Publié le 23 mar 2004Lecture 6 min
L'infarctus en 1975... et 25 ans plus tard
M. BERTRAND, CHU de Lille
M. D. Julien, âgé de 62 ans, fumeur et légèrement « enveloppé » est hospitalisé le mardi 11 février 1975 vers 10 heures pour douleurs thoraciques violentes... Le même malade en l’an 2000.
En février 1975
En fait, l’histoire a démarré dans la nuit de lundi à mardi vers 3 heures du matin...
Mardi 03 h 00
Monsieur D. a ressenti une vague douleur épigastrique accompagné de nausées. Il avait mangé la veille un steak aux champignons. Il pense que ses troubles actuels sont liés à une indigestion. Il effectue quelques tentatives infructueuses de vomissements, prend du Normogastryl® qu’il avait dans l’armoire à pharmacie et se recouche. Toutefois, la gêne épigastrique ne disparaît pas, devient même plus importante et s’étend à la face antérieure du thorax. Il présente des sudations et commence à s’inquiéter. Mais il n’est que 6 heures du matin et ne veut pas déranger son médecin traitant qu’il sait débordé en cette période de grippe.
Mardi 07 h 30
Il parvient à somnoler, mais, vers 7 h 30, la douleur reprend, plus intense, pratiquement uniquement thoracique avec de nouveau des nausées, une discrète gêne respiratoire et des sueurs. Son épouse et lui-même commencent à s’inquiéter et, finalement, vers 8 h 00 appellent le médecin. Malheureusement, celui-ci, surchargé de travail, est déjà parti et a commencé ses visites. L’épouse du médecin promet de le joindre au plus vite car elle laissera un message chez un patient qu’il doit visiter.

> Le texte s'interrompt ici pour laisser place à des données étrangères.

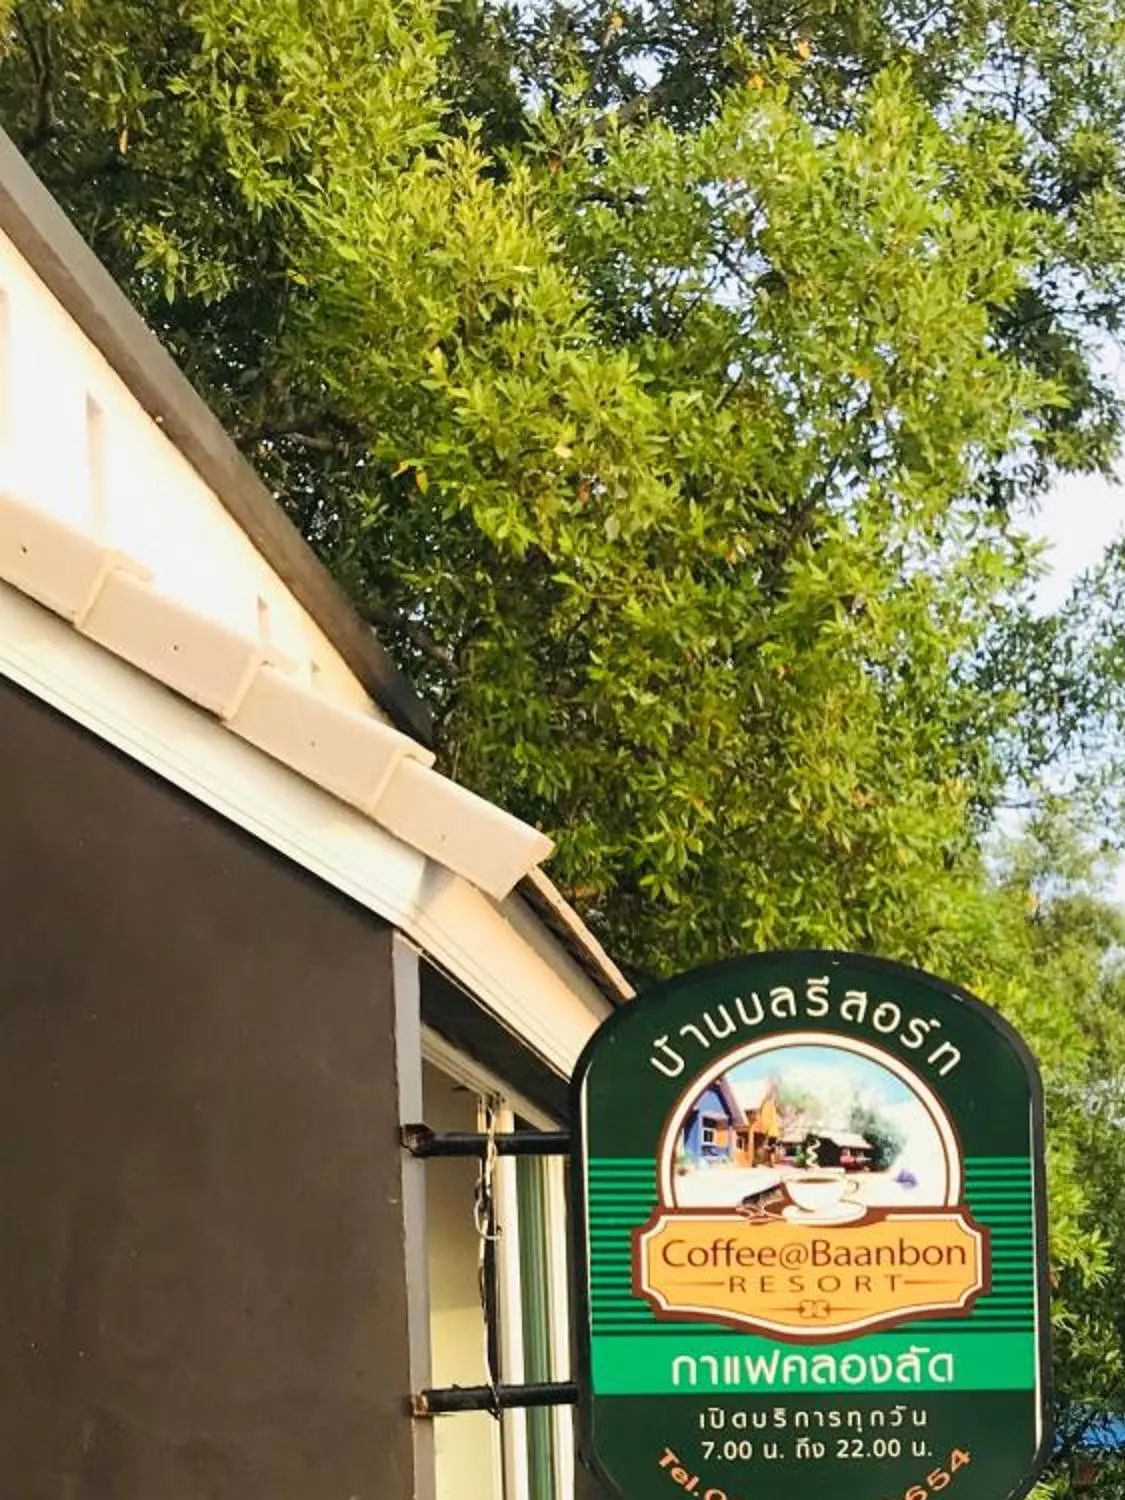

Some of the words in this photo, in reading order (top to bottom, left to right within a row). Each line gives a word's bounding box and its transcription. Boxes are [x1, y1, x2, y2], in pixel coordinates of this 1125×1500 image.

[661, 1238, 967, 1270] Coffee@Baanbon
[728, 1274, 902, 1294] RESORT
[671, 1344, 955, 1386] กาแฟคลองลัด
[701, 1440, 753, 1460] 7.00
[836, 1438, 901, 1459] 22.00
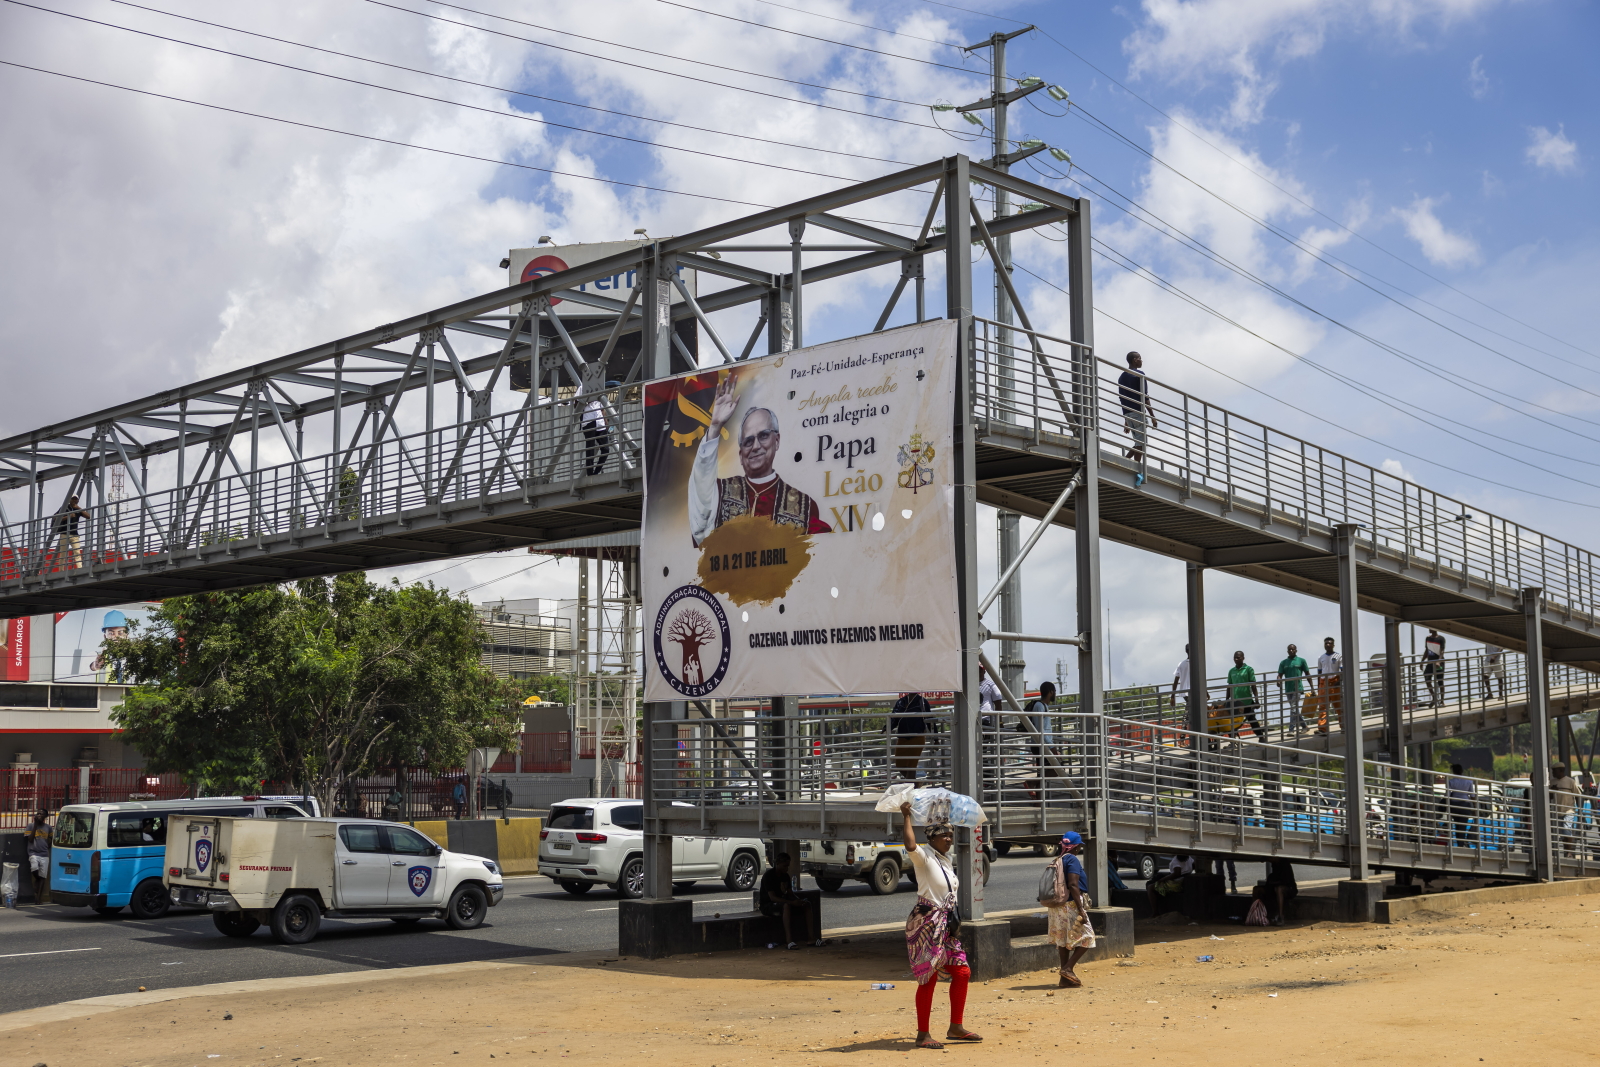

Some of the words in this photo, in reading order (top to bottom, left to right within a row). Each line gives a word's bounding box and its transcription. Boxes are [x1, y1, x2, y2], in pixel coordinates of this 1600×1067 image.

[790, 346, 925, 379] Paz-Fé-Unidade-Esperança
[798, 385, 853, 413] Angola
[857, 376, 898, 398] recebe
[802, 413, 829, 428] com
[833, 403, 877, 425] alegria
[881, 404, 890, 414] o
[816, 434, 877, 469] Papa
[823, 469, 883, 497] Leão
[829, 503, 872, 534] XIV
[710, 555, 720, 572] 18
[723, 554, 729, 571] A
[732, 553, 742, 570] 21
[745, 551, 757, 568] DE
[760, 548, 788, 566] ABRIL
[655, 587, 698, 636] ADMINISTRAÇÃO
[699, 590, 728, 632] MUNICIPAL
[15, 619, 24, 667] SANITÁRIOS
[749, 631, 789, 648] CAZENGA
[791, 629, 828, 645] JUNTOS
[830, 626, 877, 643] FAZEMOS
[879, 623, 924, 641] MELHOR
[670, 677, 720, 696] CAZENGA

C’est de ce domicile que le médecin appelle : devant l’anxiété du patient et de la famille, et percevant qu’il s’agit d’une véritable urgence, il demande que l’ambulancier du village passe chercher Monsieur D. pour le conduire à l’hôpital, distant de 24 km.
Mardi 09 h 20
L’ambulancier, prend en charge Monsieur D. vers 9 h 20 : il le trouve très affecté, un peu pâle avec des sueurs abondantes. Il continue à souffrir. L’ambulancier lui met un masque et insuffle un peu d’oxygène pendant le transport.
Mardi 10 h 45
Monsieur D. arrive vers 10 h 45 à l’hôpital. Il est vu à la consultation. Le médecin note un cœur rapide, à 110/min, la TA est à 90/60, les bruits du cœur sont sourds avec une ébauche de bruit de galop. Pas d’hépatomégalie, pas d’œdème des MI, pas de signes de phlébothrombose.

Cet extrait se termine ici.